If we should judge Presidential candidates on having at least a passing familiarity with the sport we know and love, almost half the Republican field wiped themselves out last night.
… At the very end, just as I was beginning to wonder if the end would ever come, they were asked what would they be doing on Saturday night if they weren’t on that stage. (Ooh, ooh! Ask me! Ask me!) Gingrich started off by saying he’d be home “watching the national-championship college basketball game.” He meant the football game, and he caught himself, sort of, so we’ll give him a pass. Then two of his compadres — including Willard — agreed with him. Yeah, they’d be watching that national-championship game, you betcha, boy howdy.

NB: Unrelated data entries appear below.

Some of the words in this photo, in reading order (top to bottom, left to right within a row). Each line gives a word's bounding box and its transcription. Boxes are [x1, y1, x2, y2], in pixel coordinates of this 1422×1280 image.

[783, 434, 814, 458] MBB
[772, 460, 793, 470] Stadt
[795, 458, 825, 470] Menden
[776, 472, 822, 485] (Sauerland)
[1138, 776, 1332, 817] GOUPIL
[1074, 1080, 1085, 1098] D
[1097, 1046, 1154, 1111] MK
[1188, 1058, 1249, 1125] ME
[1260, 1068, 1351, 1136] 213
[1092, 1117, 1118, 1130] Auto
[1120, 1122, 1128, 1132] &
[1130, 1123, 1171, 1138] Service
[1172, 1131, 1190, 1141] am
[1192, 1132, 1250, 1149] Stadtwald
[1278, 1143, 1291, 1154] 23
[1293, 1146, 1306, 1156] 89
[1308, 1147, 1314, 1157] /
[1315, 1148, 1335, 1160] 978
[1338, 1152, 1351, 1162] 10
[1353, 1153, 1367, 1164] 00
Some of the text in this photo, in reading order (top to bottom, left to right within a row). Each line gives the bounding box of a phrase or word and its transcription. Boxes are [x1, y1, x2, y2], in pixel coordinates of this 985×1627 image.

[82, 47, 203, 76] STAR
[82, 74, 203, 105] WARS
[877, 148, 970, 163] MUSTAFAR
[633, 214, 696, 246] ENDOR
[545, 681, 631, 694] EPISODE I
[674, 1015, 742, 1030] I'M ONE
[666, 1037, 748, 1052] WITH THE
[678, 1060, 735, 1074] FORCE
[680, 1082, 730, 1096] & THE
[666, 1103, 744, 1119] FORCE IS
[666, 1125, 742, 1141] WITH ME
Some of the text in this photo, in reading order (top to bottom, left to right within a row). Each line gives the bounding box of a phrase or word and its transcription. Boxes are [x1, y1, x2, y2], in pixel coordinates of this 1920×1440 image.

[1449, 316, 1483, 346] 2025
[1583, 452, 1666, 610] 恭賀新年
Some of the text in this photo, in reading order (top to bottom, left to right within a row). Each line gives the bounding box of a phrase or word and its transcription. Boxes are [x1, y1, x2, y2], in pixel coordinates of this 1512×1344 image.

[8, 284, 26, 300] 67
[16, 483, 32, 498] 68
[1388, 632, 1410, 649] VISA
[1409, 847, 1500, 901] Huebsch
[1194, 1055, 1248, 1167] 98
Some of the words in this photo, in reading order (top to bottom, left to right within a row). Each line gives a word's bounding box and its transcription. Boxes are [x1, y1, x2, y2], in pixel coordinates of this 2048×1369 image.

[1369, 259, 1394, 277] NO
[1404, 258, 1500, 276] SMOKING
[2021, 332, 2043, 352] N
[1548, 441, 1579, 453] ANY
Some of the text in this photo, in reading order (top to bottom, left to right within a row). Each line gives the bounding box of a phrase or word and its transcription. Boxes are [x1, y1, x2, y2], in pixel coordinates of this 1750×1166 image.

The BCS championship game takes place Monday night. Three members of the Republican presidential field told America last night that, if they weren’t in New Hampshire being dicks to themselves and the rest of the nation, they’d be home watching a football game that wouldn’t be played for nearly another 48 hours.
I bet Obama knows when the title game is scheduled. At least Perry had the sense to say he’d rather be off by himself and his shotgun.
Seriously, this is what happens when a bunch of rich, self-obsessed politicians try to pass themselves off as one of the boys settling back with a six-pack and a football game.
Leave sports to the people who care, fellas. We’ll all be happier for it.